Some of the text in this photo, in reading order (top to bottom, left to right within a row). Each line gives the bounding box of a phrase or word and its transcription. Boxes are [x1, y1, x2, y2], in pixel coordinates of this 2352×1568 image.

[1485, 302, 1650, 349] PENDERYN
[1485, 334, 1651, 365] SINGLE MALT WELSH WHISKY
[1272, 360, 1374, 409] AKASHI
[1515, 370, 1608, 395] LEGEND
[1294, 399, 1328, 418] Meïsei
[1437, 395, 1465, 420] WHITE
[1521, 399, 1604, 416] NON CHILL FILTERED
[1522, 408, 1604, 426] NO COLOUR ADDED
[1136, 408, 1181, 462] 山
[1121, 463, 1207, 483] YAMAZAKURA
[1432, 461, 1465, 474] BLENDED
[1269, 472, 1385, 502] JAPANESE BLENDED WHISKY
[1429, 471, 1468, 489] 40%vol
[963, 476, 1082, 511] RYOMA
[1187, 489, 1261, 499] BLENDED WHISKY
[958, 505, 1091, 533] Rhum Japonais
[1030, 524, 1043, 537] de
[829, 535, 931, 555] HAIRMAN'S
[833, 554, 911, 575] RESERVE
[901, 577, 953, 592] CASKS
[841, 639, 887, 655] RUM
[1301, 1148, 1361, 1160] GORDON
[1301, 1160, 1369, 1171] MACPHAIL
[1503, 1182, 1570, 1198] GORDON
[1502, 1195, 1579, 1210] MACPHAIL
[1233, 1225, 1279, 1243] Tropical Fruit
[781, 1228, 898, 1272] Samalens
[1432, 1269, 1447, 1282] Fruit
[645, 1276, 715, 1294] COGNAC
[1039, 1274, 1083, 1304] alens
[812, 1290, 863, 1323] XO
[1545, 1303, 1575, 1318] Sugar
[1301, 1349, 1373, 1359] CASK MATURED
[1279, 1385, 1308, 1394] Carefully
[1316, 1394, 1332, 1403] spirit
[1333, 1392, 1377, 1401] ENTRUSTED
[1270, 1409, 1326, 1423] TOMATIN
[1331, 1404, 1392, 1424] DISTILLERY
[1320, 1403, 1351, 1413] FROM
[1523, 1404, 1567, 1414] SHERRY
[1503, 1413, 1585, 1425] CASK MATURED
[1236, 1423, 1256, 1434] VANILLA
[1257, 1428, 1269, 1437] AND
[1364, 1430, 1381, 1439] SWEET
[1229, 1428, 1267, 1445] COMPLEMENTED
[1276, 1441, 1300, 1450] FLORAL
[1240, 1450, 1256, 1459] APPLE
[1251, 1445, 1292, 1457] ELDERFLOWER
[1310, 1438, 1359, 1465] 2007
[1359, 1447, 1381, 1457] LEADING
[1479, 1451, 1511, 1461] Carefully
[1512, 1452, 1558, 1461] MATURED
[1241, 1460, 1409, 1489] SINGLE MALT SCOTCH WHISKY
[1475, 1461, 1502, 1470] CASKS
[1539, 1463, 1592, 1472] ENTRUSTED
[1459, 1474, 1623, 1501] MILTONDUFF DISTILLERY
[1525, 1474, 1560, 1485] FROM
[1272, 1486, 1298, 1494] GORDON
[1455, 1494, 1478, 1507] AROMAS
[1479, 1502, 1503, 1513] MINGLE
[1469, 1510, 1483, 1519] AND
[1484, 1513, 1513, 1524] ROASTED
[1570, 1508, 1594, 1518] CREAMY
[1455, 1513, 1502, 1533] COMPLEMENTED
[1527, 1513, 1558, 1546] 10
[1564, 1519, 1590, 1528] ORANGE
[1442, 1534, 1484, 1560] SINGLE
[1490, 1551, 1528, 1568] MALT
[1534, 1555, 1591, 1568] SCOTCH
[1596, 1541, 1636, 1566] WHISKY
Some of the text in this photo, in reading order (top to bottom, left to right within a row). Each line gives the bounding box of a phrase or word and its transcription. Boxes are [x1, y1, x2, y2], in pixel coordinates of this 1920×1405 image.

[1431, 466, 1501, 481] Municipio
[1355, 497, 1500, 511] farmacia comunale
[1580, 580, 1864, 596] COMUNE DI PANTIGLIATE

→ Work task: Set down each line of the material above without a single alteration.

→ Written answer:
Some of the text in this photo, in reading order (top to bottom, left to right within a row). Each line gives the bounding box of a phrase or word and its transcription. Boxes are [x1, y1, x2, y2], in pixel coordinates of this 2352×1568 image.

[1485, 302, 1650, 349] PENDERYN
[1485, 334, 1651, 365] SINGLE MALT WELSH WHISKY
[1272, 360, 1374, 409] AKASHI
[1515, 370, 1608, 395] LEGEND
[1294, 399, 1328, 418] Meïsei
[1437, 395, 1465, 420] WHITE
[1521, 399, 1604, 416] NON CHILL FILTERED
[1522, 408, 1604, 426] NO COLOUR ADDED
[1136, 408, 1181, 462] 山
[1121, 463, 1207, 483] YAMAZAKURA
[1432, 461, 1465, 474] BLENDED
[1269, 472, 1385, 502] JAPANESE BLENDED WHISKY
[1429, 471, 1468, 489] 40%vol
[963, 476, 1082, 511] RYOMA
[1187, 489, 1261, 499] BLENDED WHISKY
[958, 505, 1091, 533] Rhum Japonais
[1030, 524, 1043, 537] de
[829, 535, 931, 555] HAIRMAN'S
[833, 554, 911, 575] RESERVE
[901, 577, 953, 592] CASKS
[841, 639, 887, 655] RUM
[1301, 1148, 1361, 1160] GORDON
[1301, 1160, 1369, 1171] MACPHAIL
[1503, 1182, 1570, 1198] GORDON
[1502, 1195, 1579, 1210] MACPHAIL
[1233, 1225, 1279, 1243] Tropical Fruit
[781, 1228, 898, 1272] Samalens
[1432, 1269, 1447, 1282] Fruit
[645, 1276, 715, 1294] COGNAC
[1039, 1274, 1083, 1304] alens
[812, 1290, 863, 1323] XO
[1545, 1303, 1575, 1318] Sugar
[1301, 1349, 1373, 1359] CASK MATURED
[1279, 1385, 1308, 1394] Carefully
[1316, 1394, 1332, 1403] spirit
[1333, 1392, 1377, 1401] ENTRUSTED
[1270, 1409, 1326, 1423] TOMATIN
[1331, 1404, 1392, 1424] DISTILLERY
[1320, 1403, 1351, 1413] FROM
[1523, 1404, 1567, 1414] SHERRY
[1503, 1413, 1585, 1425] CASK MATURED
[1236, 1423, 1256, 1434] VANILLA
[1257, 1428, 1269, 1437] AND
[1364, 1430, 1381, 1439] SWEET
[1229, 1428, 1267, 1445] COMPLEMENTED
[1276, 1441, 1300, 1450] FLORAL
[1240, 1450, 1256, 1459] APPLE
[1251, 1445, 1292, 1457] ELDERFLOWER
[1310, 1438, 1359, 1465] 2007
[1359, 1447, 1381, 1457] LEADING
[1479, 1451, 1511, 1461] Carefully
[1512, 1452, 1558, 1461] MATURED
[1241, 1460, 1409, 1489] SINGLE MALT SCOTCH WHISKY
[1475, 1461, 1502, 1470] CASKS
[1539, 1463, 1592, 1472] ENTRUSTED
[1459, 1474, 1623, 1501] MILTONDUFF DISTILLERY
[1525, 1474, 1560, 1485] FROM
[1272, 1486, 1298, 1494] GORDON
[1455, 1494, 1478, 1507] AROMAS
[1479, 1502, 1503, 1513] MINGLE
[1469, 1510, 1483, 1519] AND
[1484, 1513, 1513, 1524] ROASTED
[1570, 1508, 1594, 1518] CREAMY
[1455, 1513, 1502, 1533] COMPLEMENTED
[1527, 1513, 1558, 1546] 10
[1564, 1519, 1590, 1528] ORANGE
[1442, 1534, 1484, 1560] SINGLE
[1490, 1551, 1528, 1568] MALT
[1534, 1555, 1591, 1568] SCOTCH
[1596, 1541, 1636, 1566] WHISKY
Some of the text in this photo, in reading order (top to bottom, left to right within a row). Each line gives the bounding box of a phrase or word and its transcription. Boxes are [x1, y1, x2, y2], in pixel coordinates of this 1920×1405 image.

[1431, 466, 1501, 481] Municipio
[1355, 497, 1500, 511] farmacia comunale
[1580, 580, 1864, 596] COMUNE DI PANTIGLIATE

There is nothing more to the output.